Review by Aussie-Byrd-Brother
SPECIAL COLLABORATOR Rock Progressivo Italiano Team
4 stars For some odd reason, this later album by Swedish artist Bo Hanson is frequently considered a real drop in quality from his previous works, but I can't for the life of me understand why. `Music Inspired by Watership Down', based around the well-known Richard Adams novel, is still full of all the colour, shimmering keyboards and unpredictable quirks usually associated with Hanson's work, and there's still plenty of traces that made his earlier albums (including one of my personal favourites `Attic Thoughts') so memorable and delicious to the ear.

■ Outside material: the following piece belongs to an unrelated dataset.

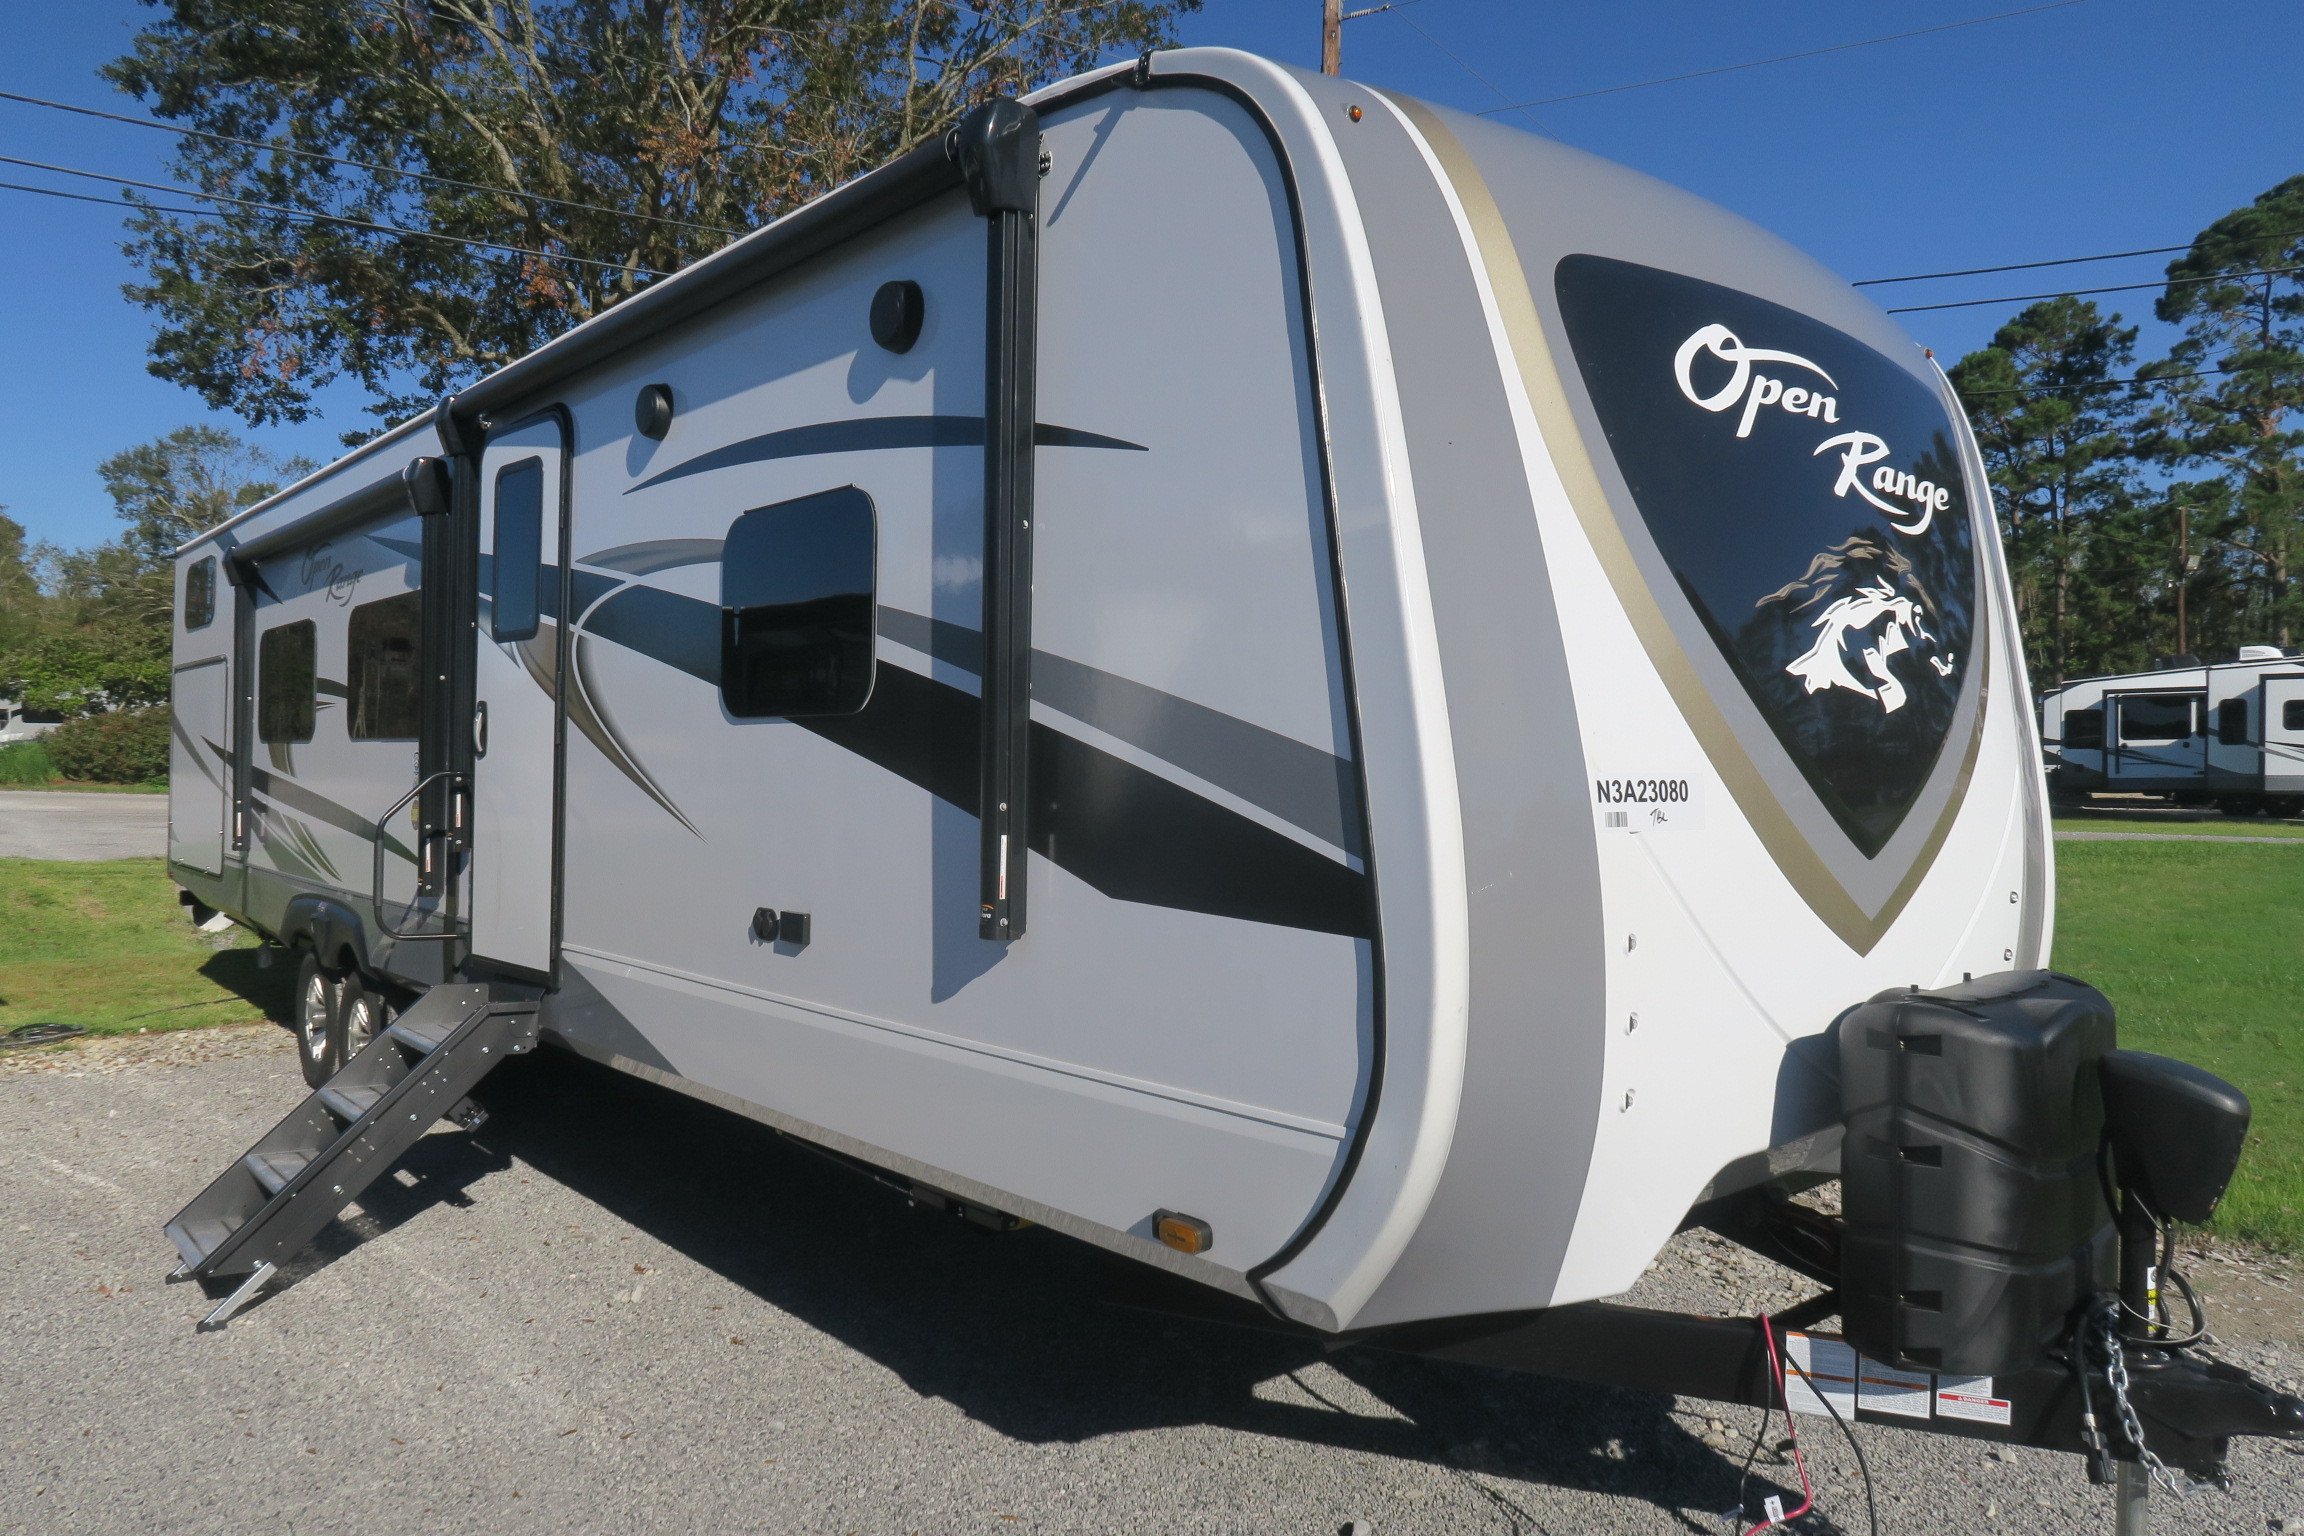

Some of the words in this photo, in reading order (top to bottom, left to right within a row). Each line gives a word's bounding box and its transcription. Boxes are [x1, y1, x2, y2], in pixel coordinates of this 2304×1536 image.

[1674, 324, 1840, 438] Open
[1812, 430, 1950, 536] Range
[1596, 779, 1689, 803] N3A23080

Like with an earlier album `Lord of the Rings', Mr Hanson once again turned to a beloved novel for initial inspiration, and the results are perhaps one of the most tasteful and exquisite instrumental prog albums, and certainly one of the most gentle!

With an army of keyboard variety (Moog, Hammond organ, you name it), endless tempo changes, propulsive drumming, jazz/fusion electric guitar flavours and even some adorable strolling reggae moments in the finale, the almost 17 minute opener `Born in the Gentle South' is a lush and mellow epic. Hanson's fellow musicians here have frequent little duels between eachother, with Kebnekaise member Kenny Hakensson's grand electric guitar solo in the climax worthy of approval from Camel mainman Andy Latimar himself. Playful, dynamic and always endlessly melodic, the whole piece makes for a sublime example of impossibly charming instrumental prog at it's most romantic.

After the brief delirous synth/guitar/drum interlude `Allegro For A Rescue', the stark piano and tip-toeing flute of the darker `Legend and Light' is full with a playful creeping unease, with two booming fanfares to offer some blustery relief. For such an imposing title, `Trial and Adversity' is actually very mellow and dreamy, with the most gentle of David Gilmour- inspired guitar licks over wavering spacey synths and placid washes of synths and another little taste of soft reggae tones. `The Twice - Victory' opens as a delicate and affectionate acoustic guitar and piano duet before rising to life as a victorious organ fanfare, only some electric guitar menace and marching drums raising the tension in the second half. Some Steve Hackett-type `Voyage of the Acolyte' sounds are in evidence here, and the instrumental melodies throughout the piece might be some of the prettiest Hanson ever offered. The brief `The Kingdom Brightly Smiles' is a warm piano solo finale to then close on.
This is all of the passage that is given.